**What this task involves**
Below are entries to be transcribed exactly; exclude the pictures from the copy.

**Exercise material**
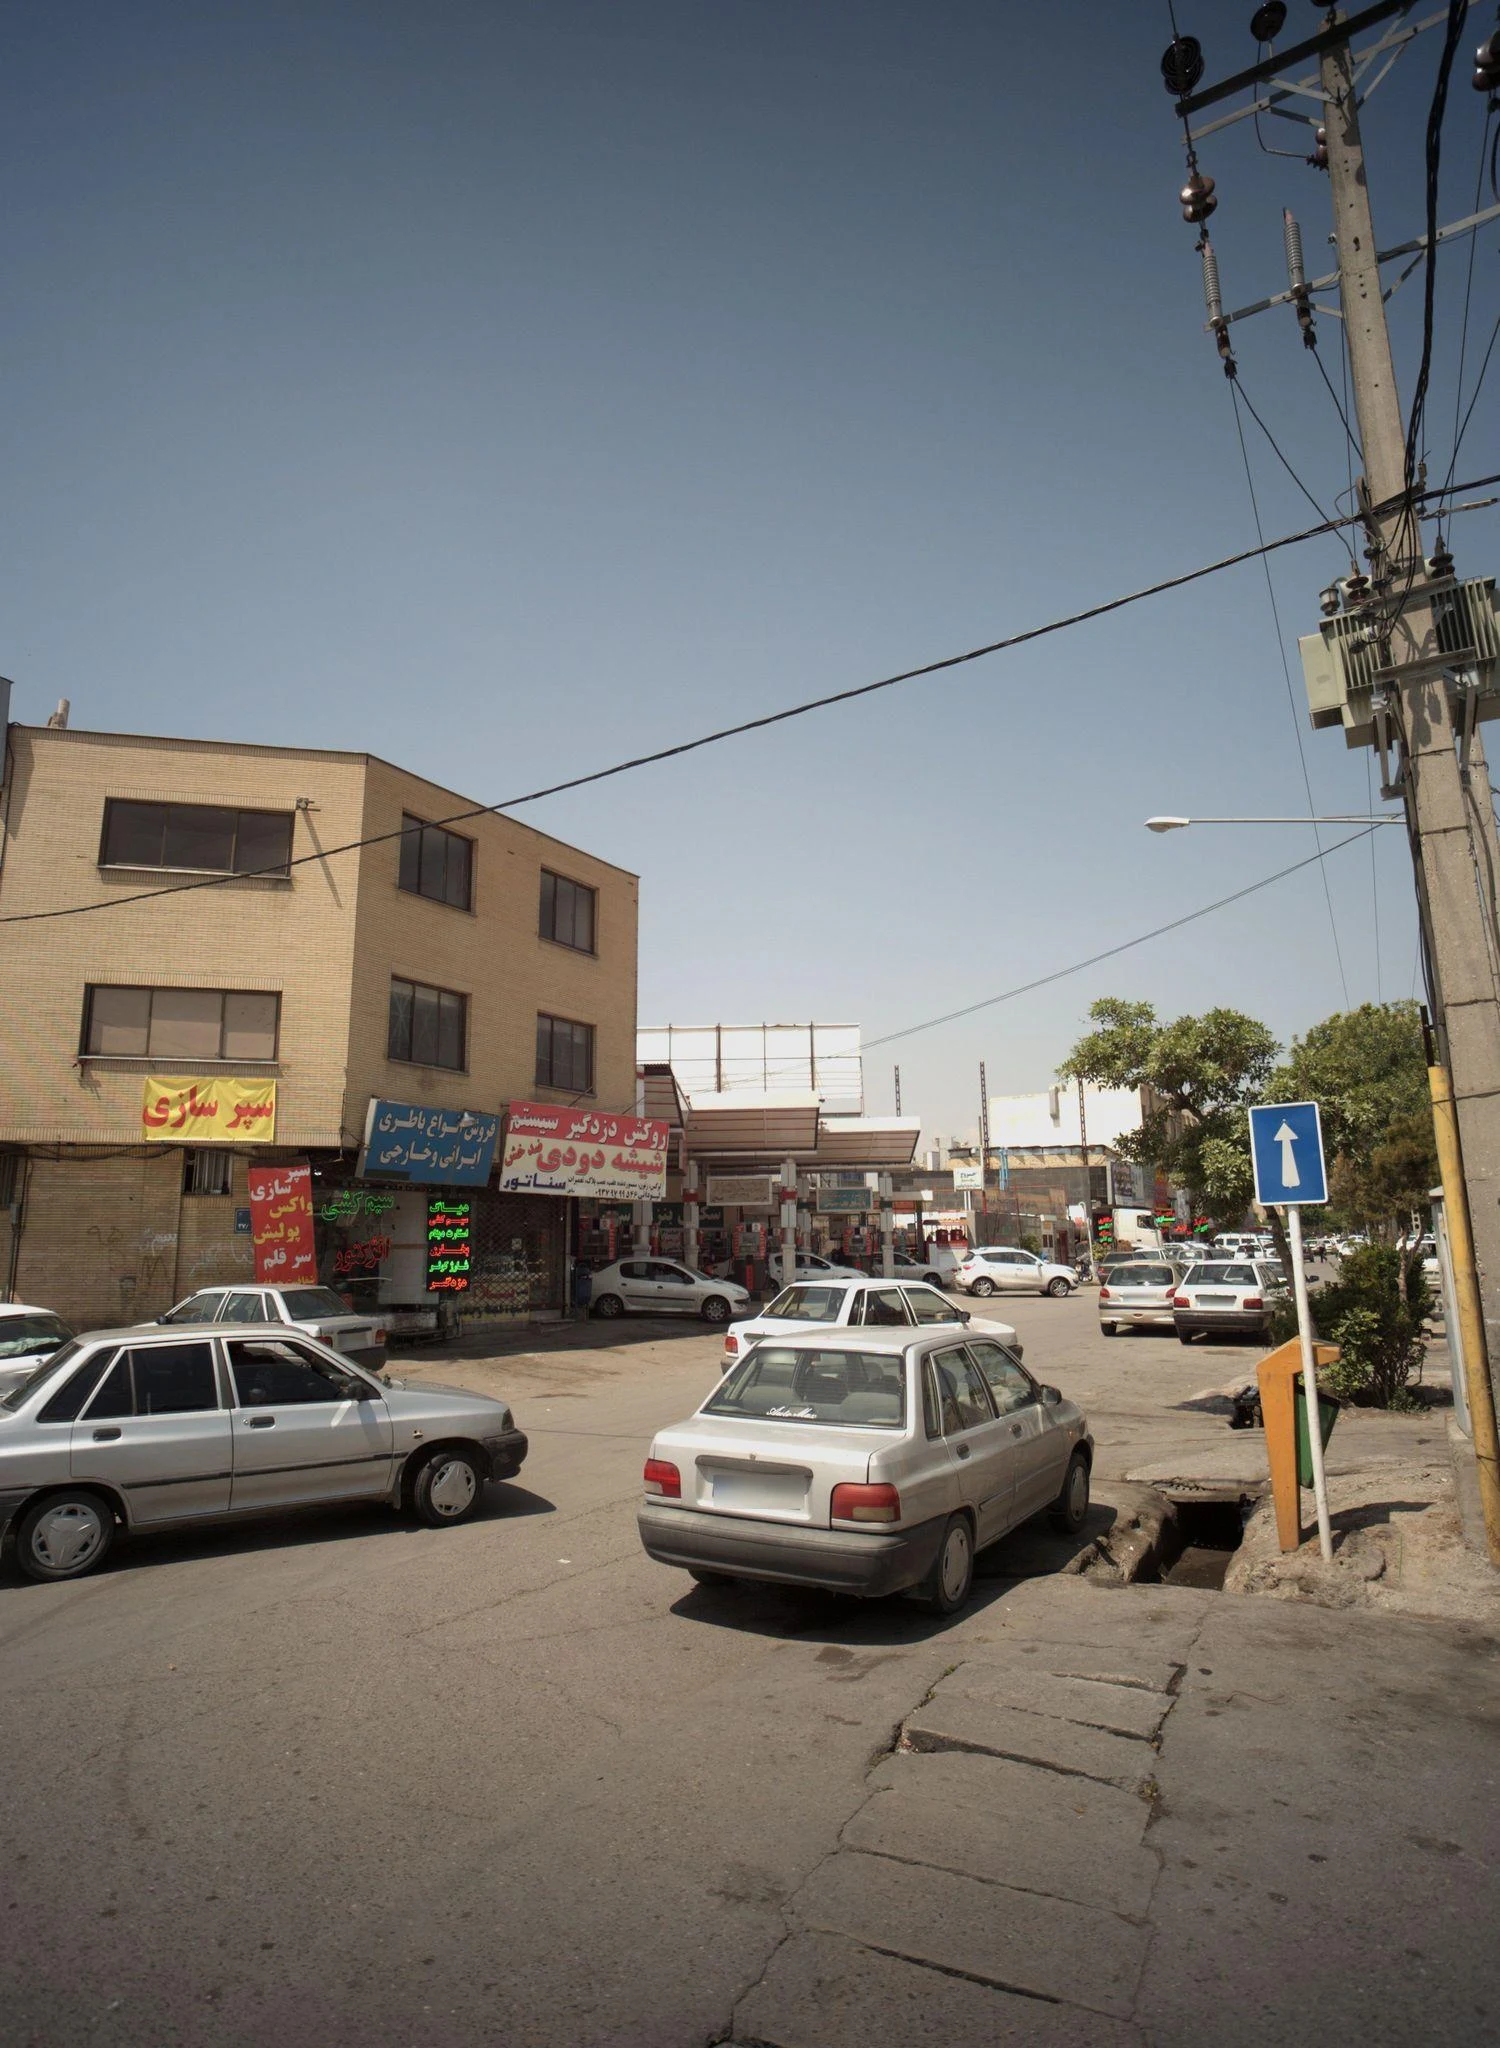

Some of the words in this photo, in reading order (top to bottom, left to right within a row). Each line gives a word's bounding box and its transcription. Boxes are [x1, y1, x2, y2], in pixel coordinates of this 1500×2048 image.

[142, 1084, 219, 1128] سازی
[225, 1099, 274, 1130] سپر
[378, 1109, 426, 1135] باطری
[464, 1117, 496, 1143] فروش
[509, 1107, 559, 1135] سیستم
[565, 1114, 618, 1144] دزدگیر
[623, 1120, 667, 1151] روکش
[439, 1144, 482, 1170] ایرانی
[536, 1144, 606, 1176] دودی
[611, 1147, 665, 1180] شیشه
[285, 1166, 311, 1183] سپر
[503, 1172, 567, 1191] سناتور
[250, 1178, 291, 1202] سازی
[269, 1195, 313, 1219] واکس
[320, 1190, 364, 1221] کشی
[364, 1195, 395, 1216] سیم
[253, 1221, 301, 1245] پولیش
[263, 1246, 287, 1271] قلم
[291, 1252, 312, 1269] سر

**Response**
Some of the words in this photo, in reading order (top to bottom, left to right within a row). Each line gives a word's bounding box and its transcription. Boxes are [x1, y1, x2, y2], in pixel coordinates of this 1500×2048 image.

[142, 1084, 219, 1128] سازی
[225, 1099, 274, 1130] سپر
[378, 1109, 426, 1135] باطری
[464, 1117, 496, 1143] فروش
[509, 1107, 559, 1135] سیستم
[565, 1114, 618, 1144] دزدگیر
[623, 1120, 667, 1151] روکش
[439, 1144, 482, 1170] ایرانی
[536, 1144, 606, 1176] دودی
[611, 1147, 665, 1180] شیشه
[285, 1166, 311, 1183] سپر
[503, 1172, 567, 1191] سناتور
[250, 1178, 291, 1202] سازی
[269, 1195, 313, 1219] واکس
[320, 1190, 364, 1221] کشی
[364, 1195, 395, 1216] سیم
[253, 1221, 301, 1245] پولیش
[263, 1246, 287, 1271] قلم
[291, 1252, 312, 1269] سر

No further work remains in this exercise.